### What is needed
Would you restate the full listing word for word and omit its pictures?

### Available data
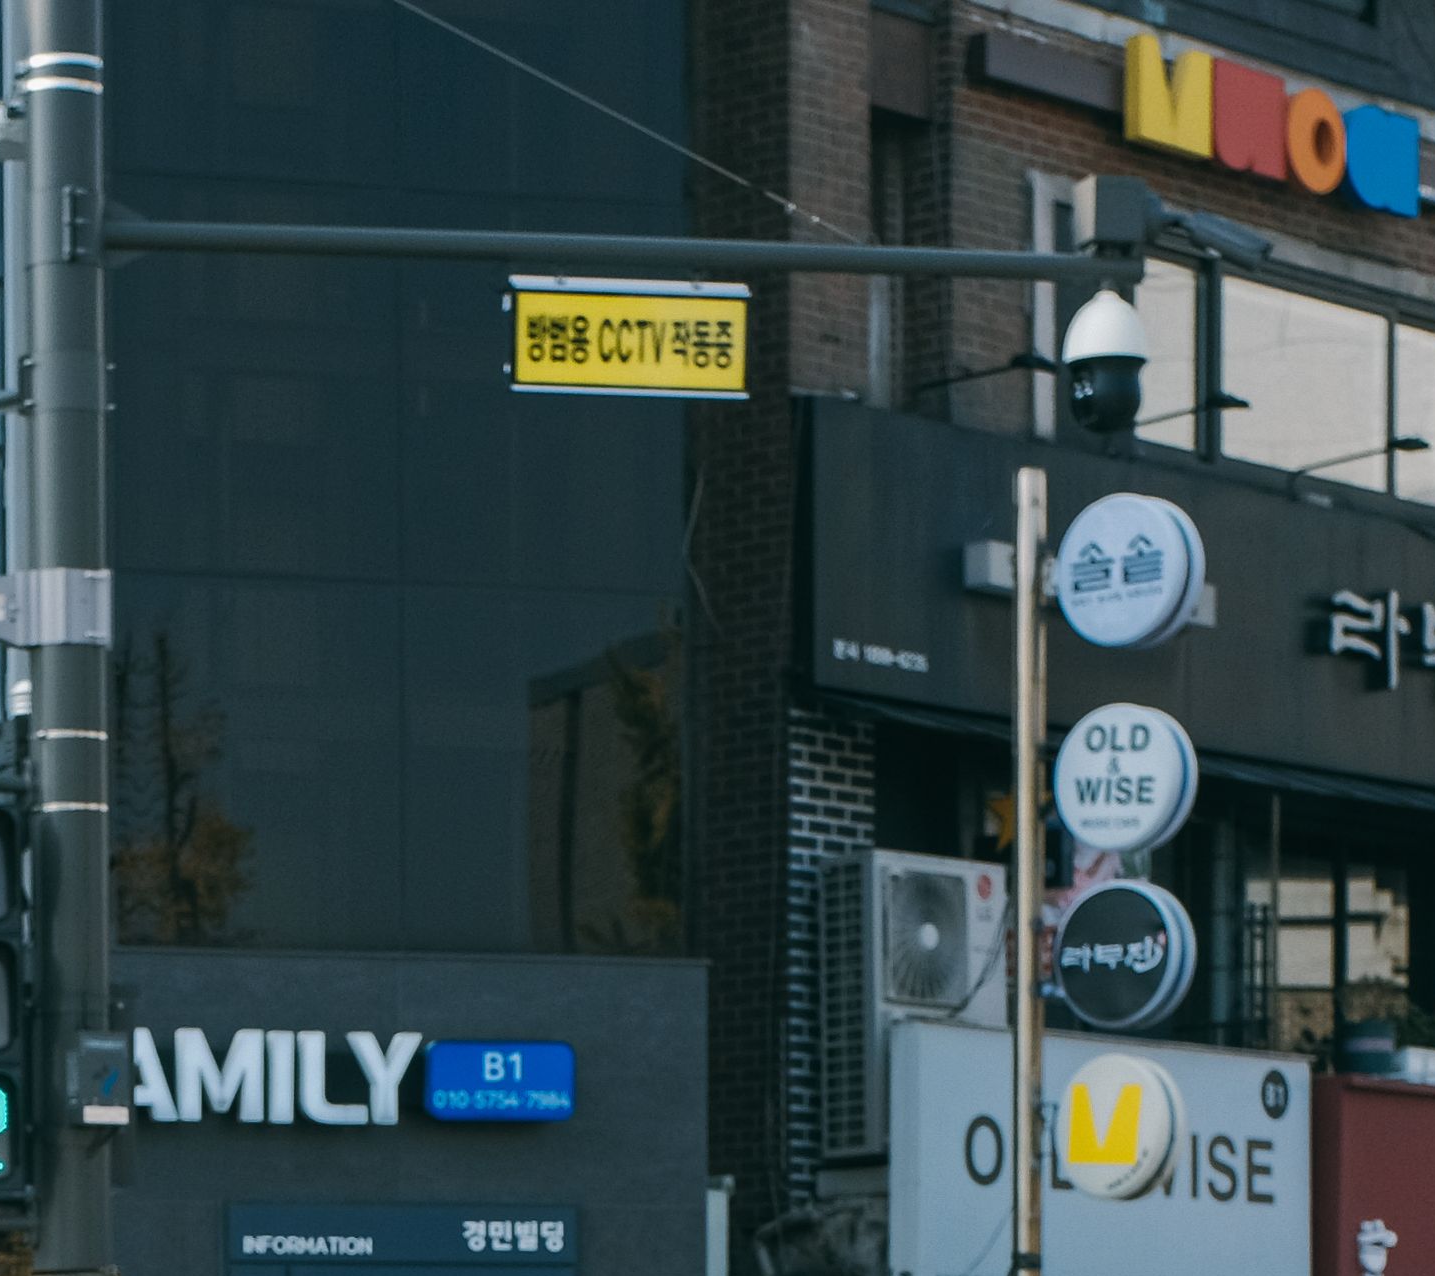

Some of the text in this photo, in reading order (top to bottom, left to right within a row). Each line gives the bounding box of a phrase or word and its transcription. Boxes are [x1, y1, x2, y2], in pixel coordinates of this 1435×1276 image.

[527, 313, 733, 370] 방범용 CCTV 작동중
[1085, 725, 1151, 753] OLD
[1074, 776, 1156, 806] WISE
[1060, 934, 1165, 974] 라무진
[133, 1026, 423, 1125] AMILY
[483, 1051, 523, 1083] B1
[1163, 1133, 1275, 1205] ISE
[242, 1235, 374, 1257] INFORMATION
[462, 1219, 565, 1253] 경민빌딩
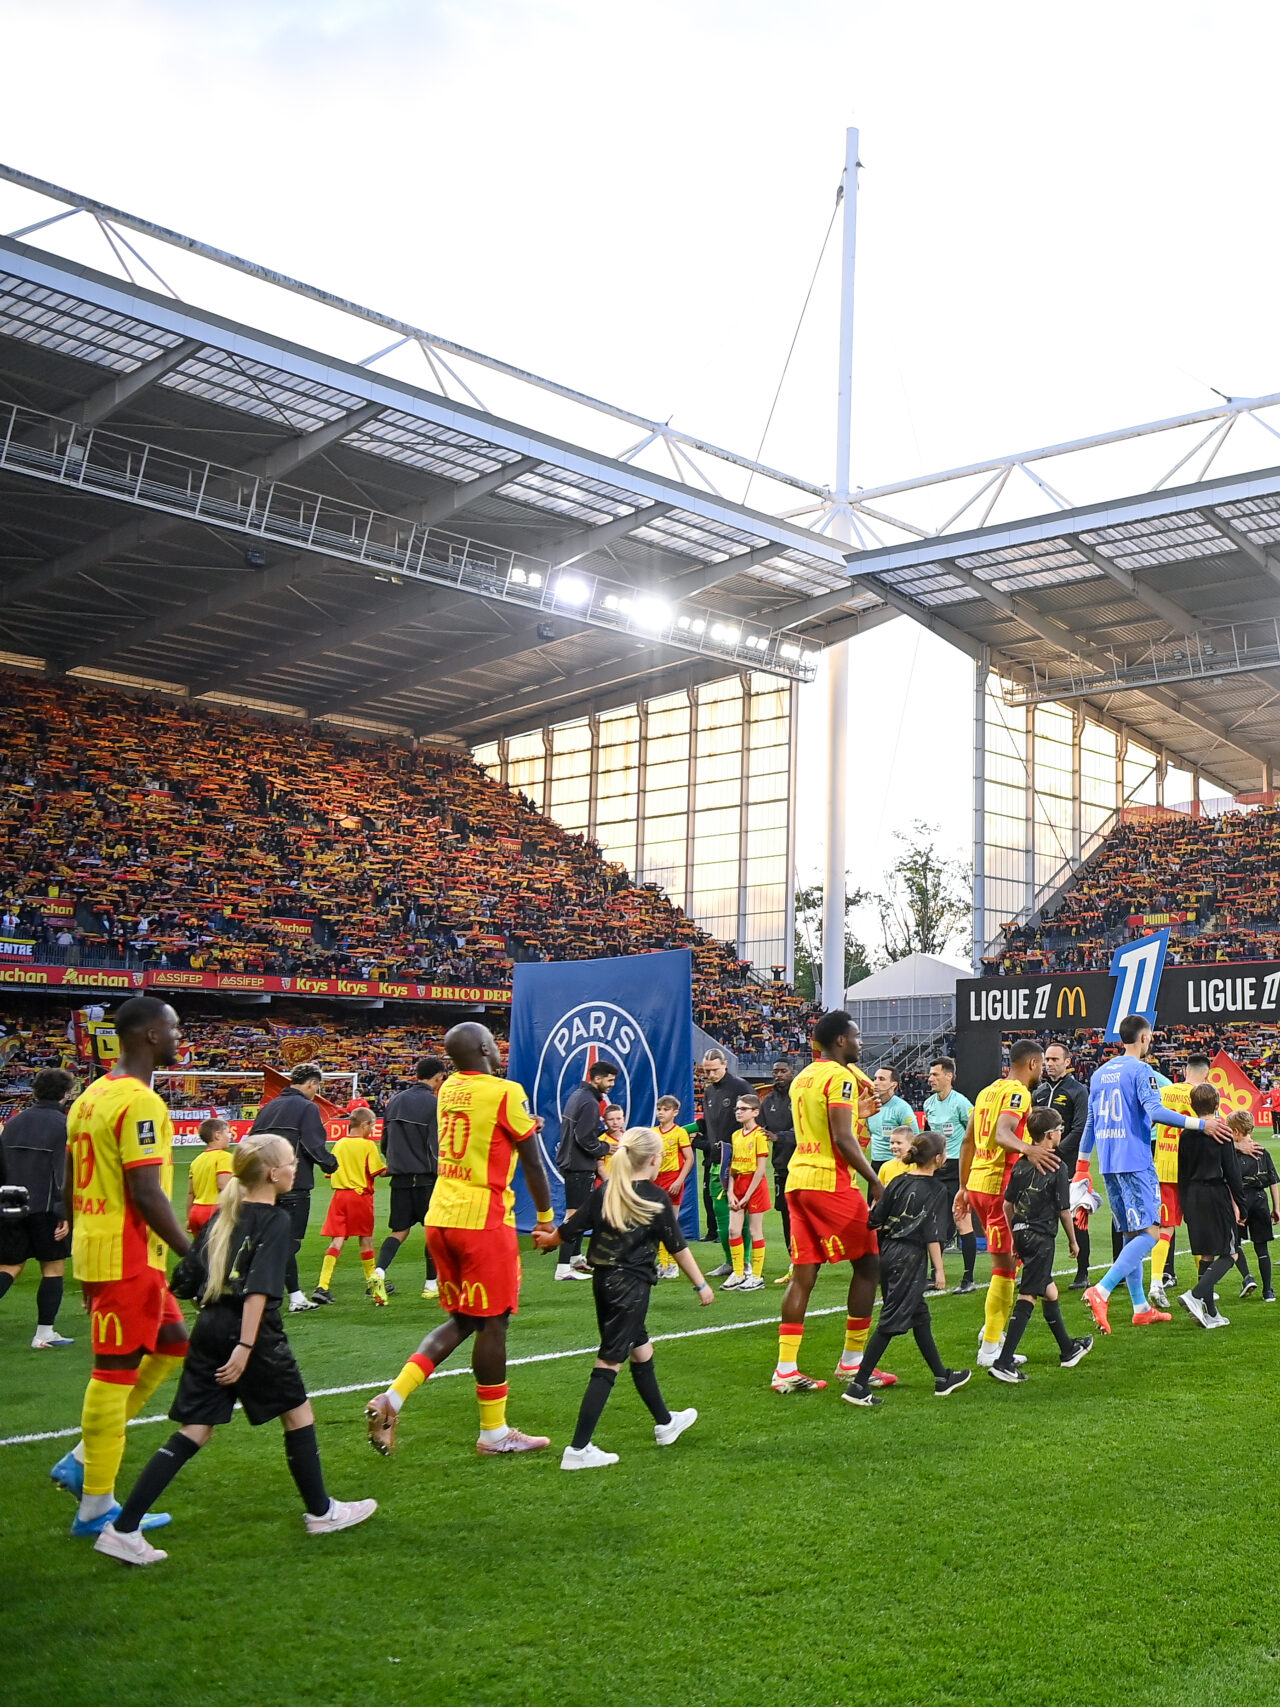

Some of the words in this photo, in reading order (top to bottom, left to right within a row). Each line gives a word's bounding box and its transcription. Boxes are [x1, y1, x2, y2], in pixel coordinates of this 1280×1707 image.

[1143, 913, 1170, 925] PUMA
[62, 967, 129, 988] Auchan
[296, 977, 329, 993] Krys
[337, 980, 368, 995] Krys
[379, 981, 409, 997] Krys
[431, 986, 481, 1000] BRICO
[1188, 976, 1257, 1013] LIGUE
[970, 988, 1030, 1022] LIGUE
[553, 1011, 636, 1057] PARIS
[1097, 1088, 1124, 1124] 40
[439, 1110, 471, 1160] 20
[980, 1108, 991, 1144] 14
[1096, 1128, 1127, 1140] WINAMAX

### Task response
Some of the text in this photo, in reading order (top to bottom, left to right within a row). Each line gives the bounding box of a phrase or word and its transcription. Boxes are [x1, y1, x2, y2], in pixel coordinates of this 1435×1276 image.

[527, 313, 733, 370] 방범용 CCTV 작동중
[1085, 725, 1151, 753] OLD
[1074, 776, 1156, 806] WISE
[1060, 934, 1165, 974] 라무진
[133, 1026, 423, 1125] AMILY
[483, 1051, 523, 1083] B1
[1163, 1133, 1275, 1205] ISE
[242, 1235, 374, 1257] INFORMATION
[462, 1219, 565, 1253] 경민빌딩

Some of the words in this photo, in reading order (top to bottom, left to right within a row). Each line gives a word's bounding box and its transcription. Boxes are [x1, y1, x2, y2], in pixel coordinates of this 1280×1707 image.

[1143, 913, 1170, 925] PUMA
[62, 967, 129, 988] Auchan
[296, 977, 329, 993] Krys
[337, 980, 368, 995] Krys
[379, 981, 409, 997] Krys
[431, 986, 481, 1000] BRICO
[1188, 976, 1257, 1013] LIGUE
[970, 988, 1030, 1022] LIGUE
[553, 1011, 636, 1057] PARIS
[1097, 1088, 1124, 1124] 40
[439, 1110, 471, 1160] 20
[980, 1108, 991, 1144] 14
[1096, 1128, 1127, 1140] WINAMAX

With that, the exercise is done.